--- Dataset records ---
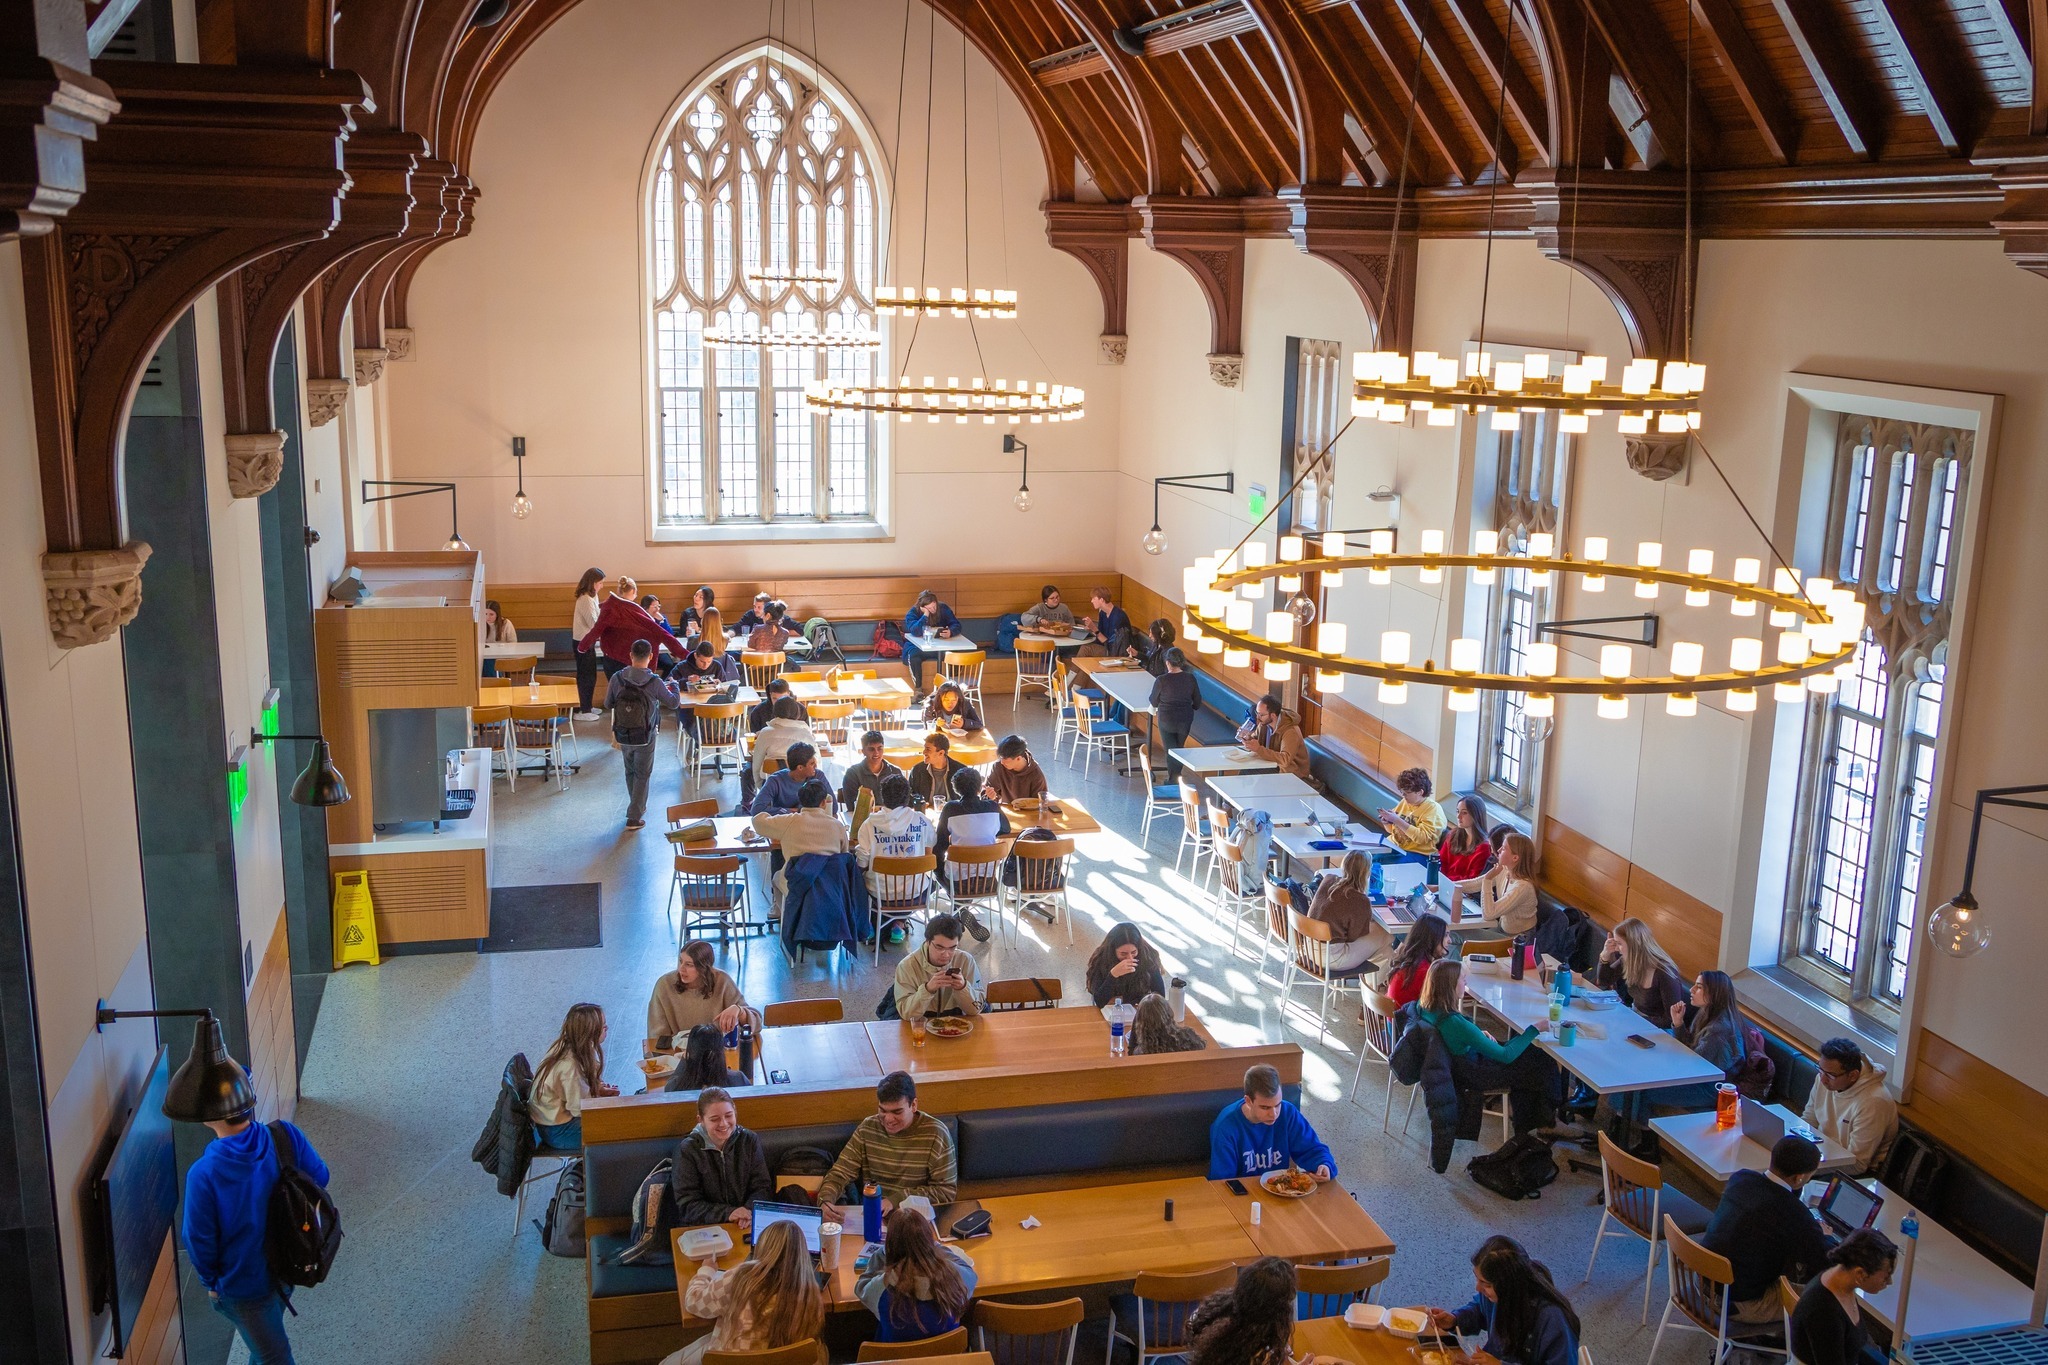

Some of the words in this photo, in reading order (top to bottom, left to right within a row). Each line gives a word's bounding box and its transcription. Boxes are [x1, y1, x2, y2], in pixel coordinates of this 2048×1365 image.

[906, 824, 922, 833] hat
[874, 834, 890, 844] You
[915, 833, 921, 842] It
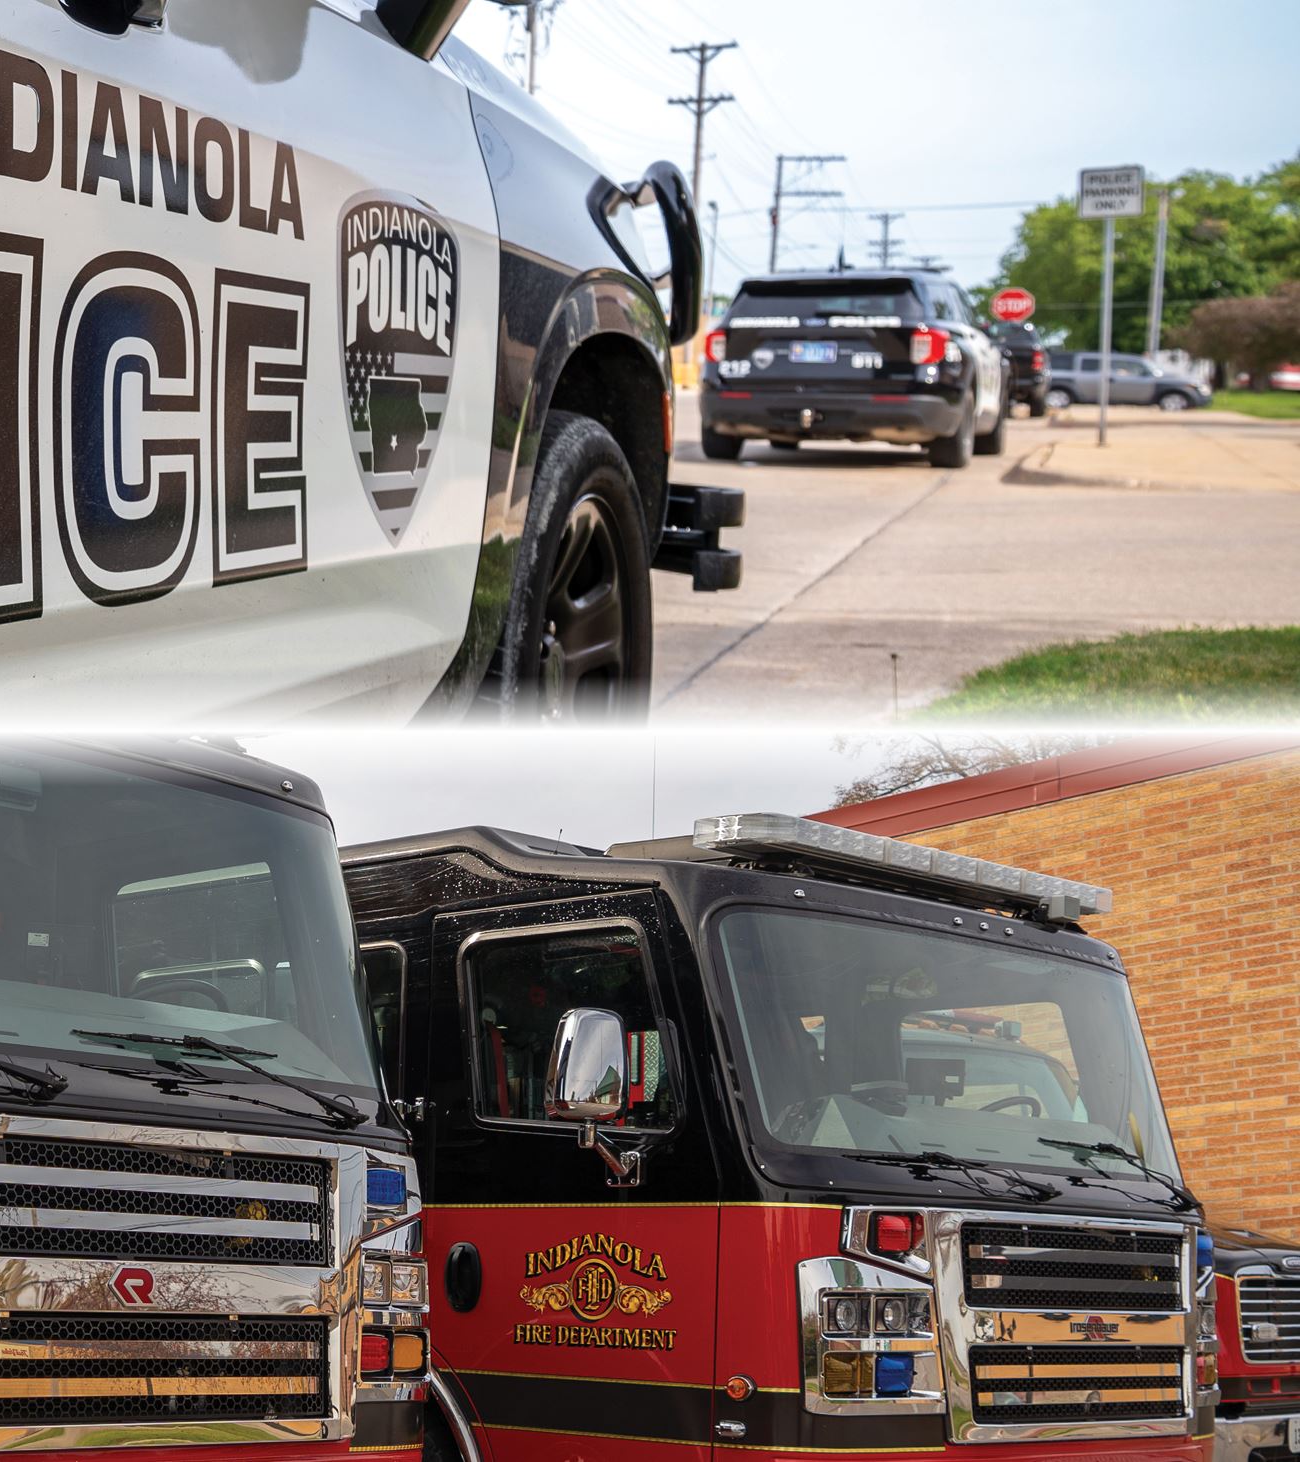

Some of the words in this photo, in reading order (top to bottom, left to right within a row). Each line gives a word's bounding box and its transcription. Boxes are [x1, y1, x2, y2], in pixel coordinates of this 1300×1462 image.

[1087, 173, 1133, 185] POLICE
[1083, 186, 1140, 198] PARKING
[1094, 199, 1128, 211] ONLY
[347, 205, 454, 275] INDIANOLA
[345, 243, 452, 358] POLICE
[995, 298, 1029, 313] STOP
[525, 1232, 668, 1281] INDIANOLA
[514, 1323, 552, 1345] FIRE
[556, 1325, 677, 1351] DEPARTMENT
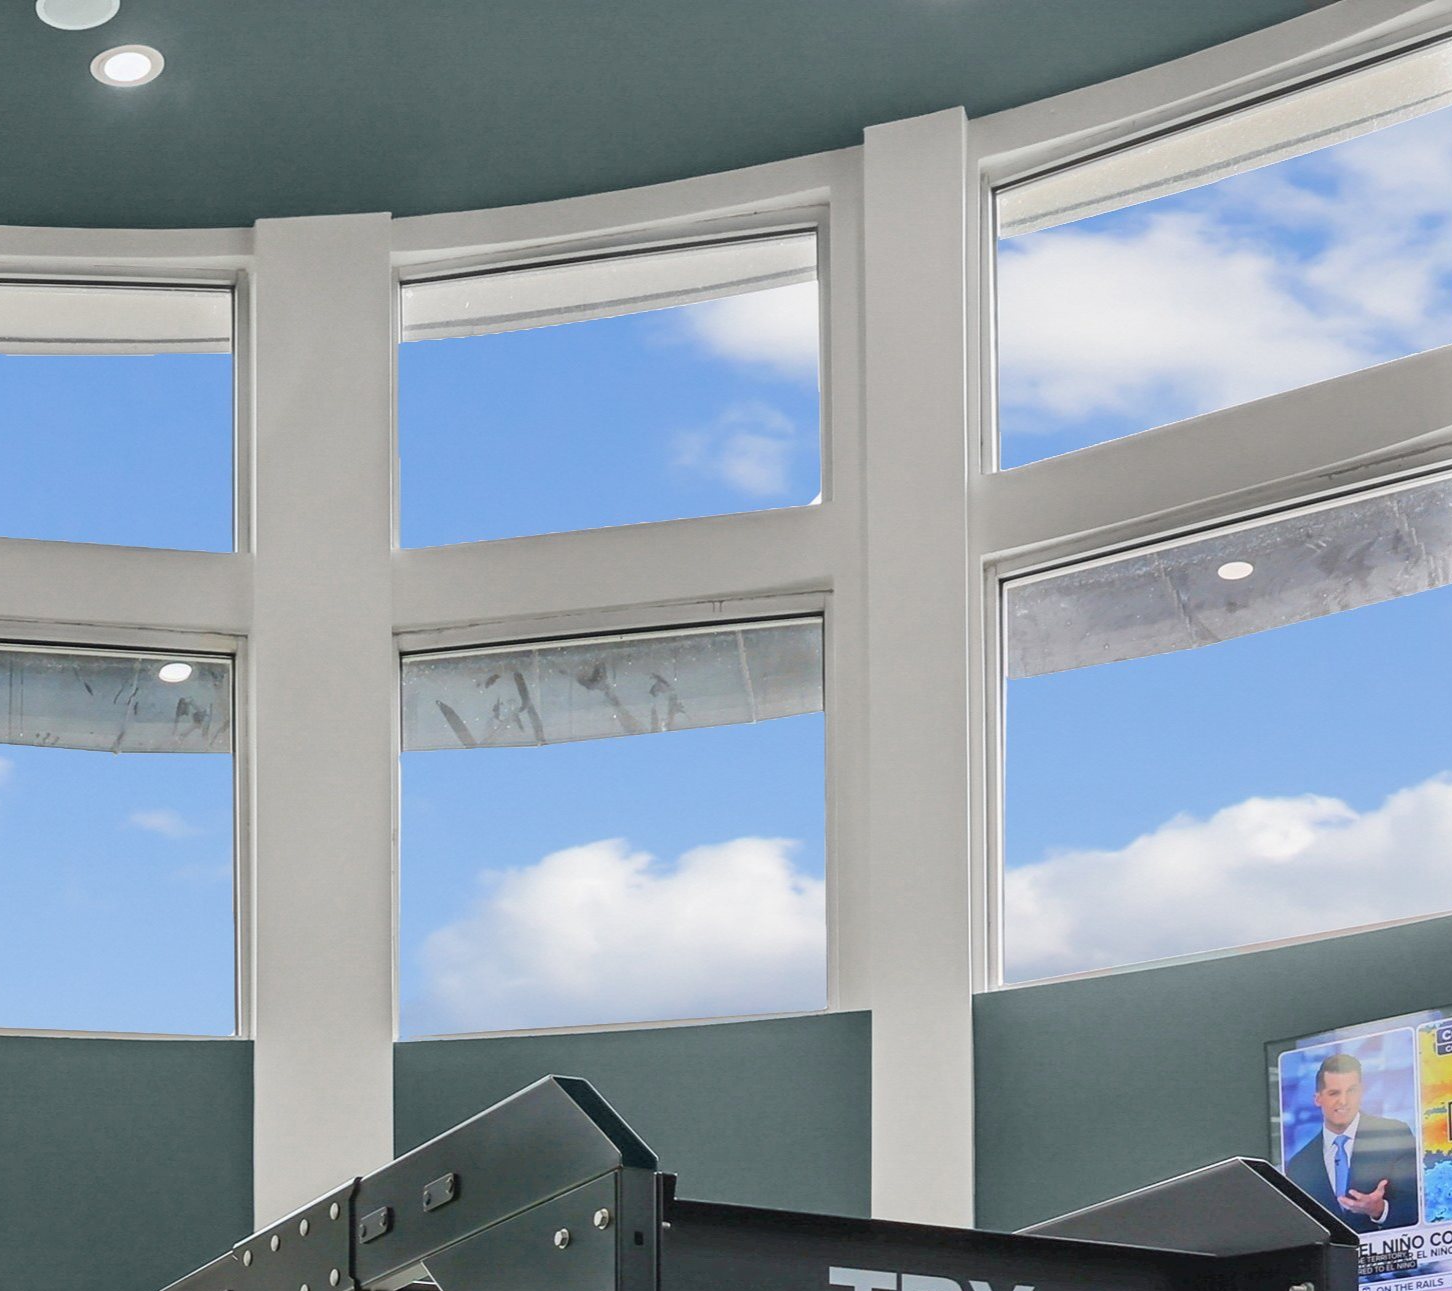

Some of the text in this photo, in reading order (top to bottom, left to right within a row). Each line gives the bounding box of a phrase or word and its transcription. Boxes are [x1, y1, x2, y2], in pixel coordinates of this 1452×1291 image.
---
▶ **What to produce**
Without including any pictures, return every line of the records exactly.

▶ **Written answer**
Some of the words in this photo, in reading order (top to bottom, left to right within a row). Each line gives a word's bounding box and its transcription. Boxes are [x1, y1, x2, y2], in pixel coordinates of this 2048×1365 image.

[906, 824, 922, 833] hat
[874, 834, 890, 844] You
[915, 833, 921, 842] It

Some of the words in this photo, in reading order (top to bottom, left to right within a row). Each line gives a word's bounding box and its transcription. Boxes are [x1, y1, x2, y2], in pixel coordinates of this 1300×1462 image.

[1087, 173, 1133, 185] POLICE
[1083, 186, 1140, 198] PARKING
[1094, 199, 1128, 211] ONLY
[347, 205, 454, 275] INDIANOLA
[345, 243, 452, 358] POLICE
[995, 298, 1029, 313] STOP
[525, 1232, 668, 1281] INDIANOLA
[514, 1323, 552, 1345] FIRE
[556, 1325, 677, 1351] DEPARTMENT

Some of the text in this photo, in reading order (top to bottom, left to right within a row). Each line gives the bounding box of a phrase or word and its transcription. Boxes are [x1, y1, x2, y2], in pixel coordinates of this 1452×1291 image.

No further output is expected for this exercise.